Input material:
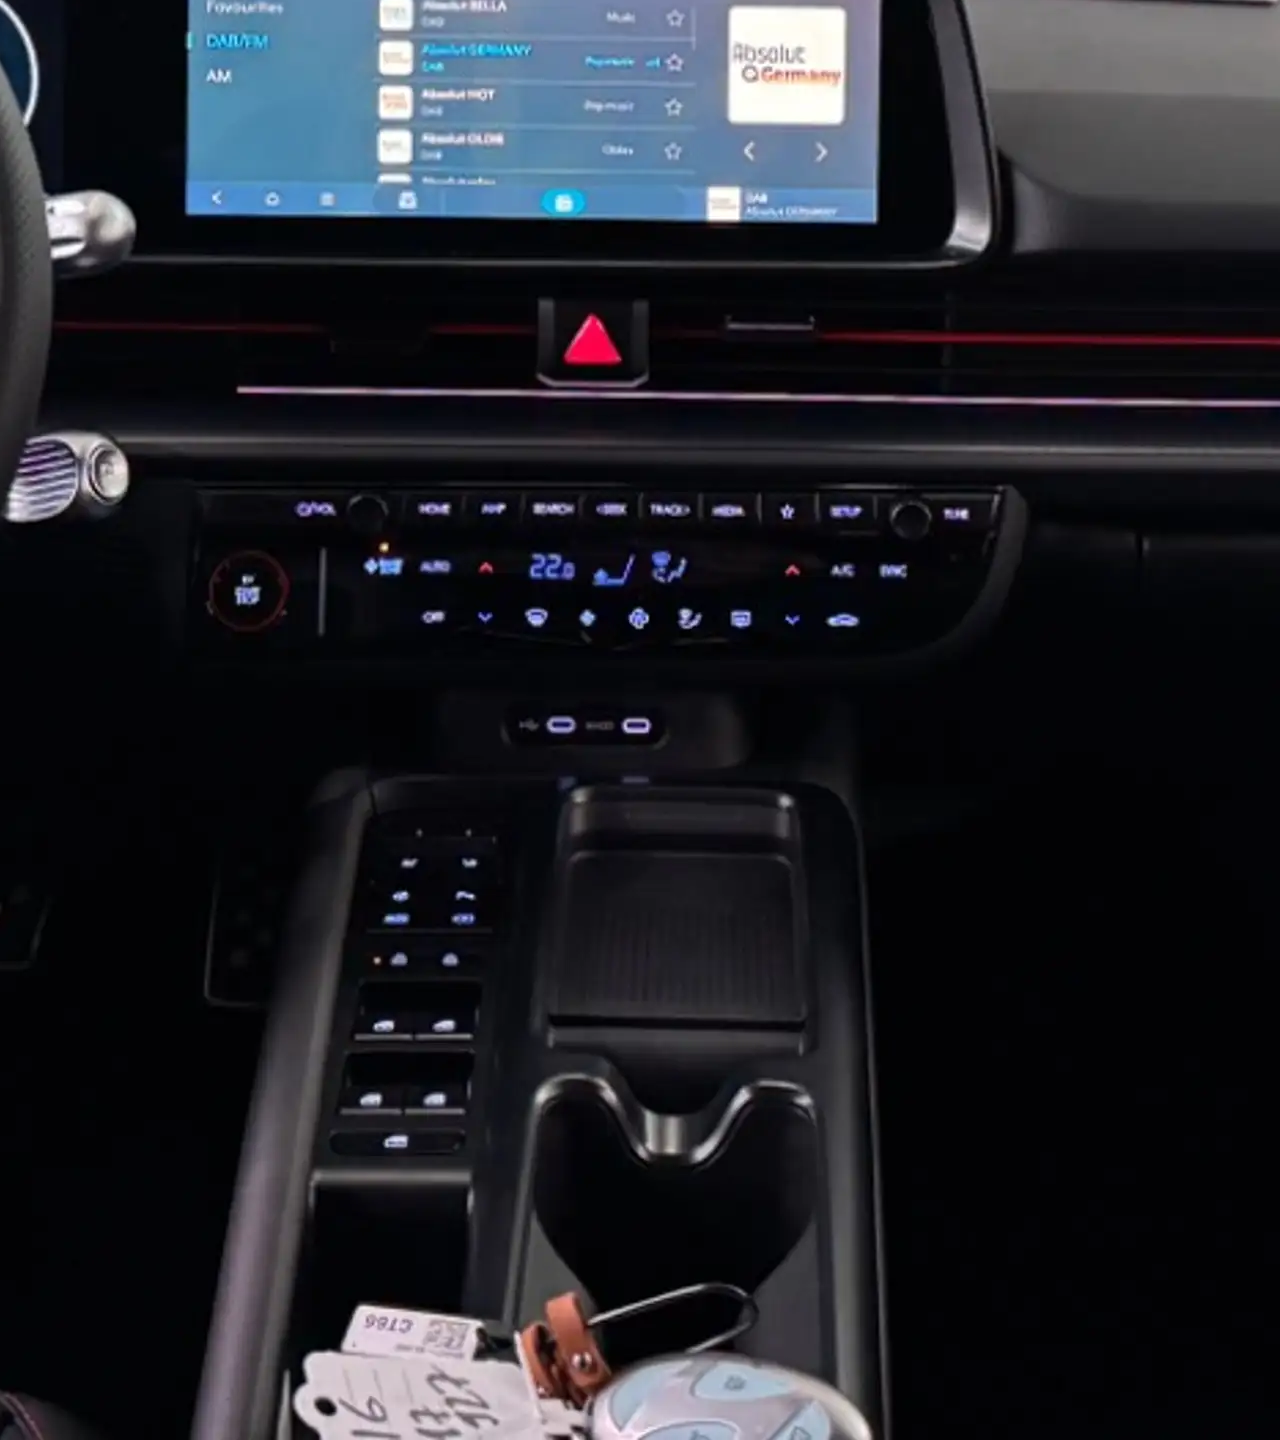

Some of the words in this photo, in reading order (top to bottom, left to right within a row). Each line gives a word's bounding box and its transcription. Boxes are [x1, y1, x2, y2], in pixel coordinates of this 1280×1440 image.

[206, 33, 269, 50] DAB/FM
[733, 42, 807, 64] Absolut
[206, 68, 233, 84] AM
[761, 66, 842, 87] Germany

Exercise:
Can you retype every record above exactly, leaving out the pictures?

Solution to the exercise:
Some of the words in this photo, in reading order (top to bottom, left to right within a row). Each line gives a word's bounding box and its transcription. Boxes are [x1, y1, x2, y2], in pixel coordinates of this 1280×1440 image.

[206, 33, 269, 50] DAB/FM
[733, 42, 807, 64] Absolut
[206, 68, 233, 84] AM
[761, 66, 842, 87] Germany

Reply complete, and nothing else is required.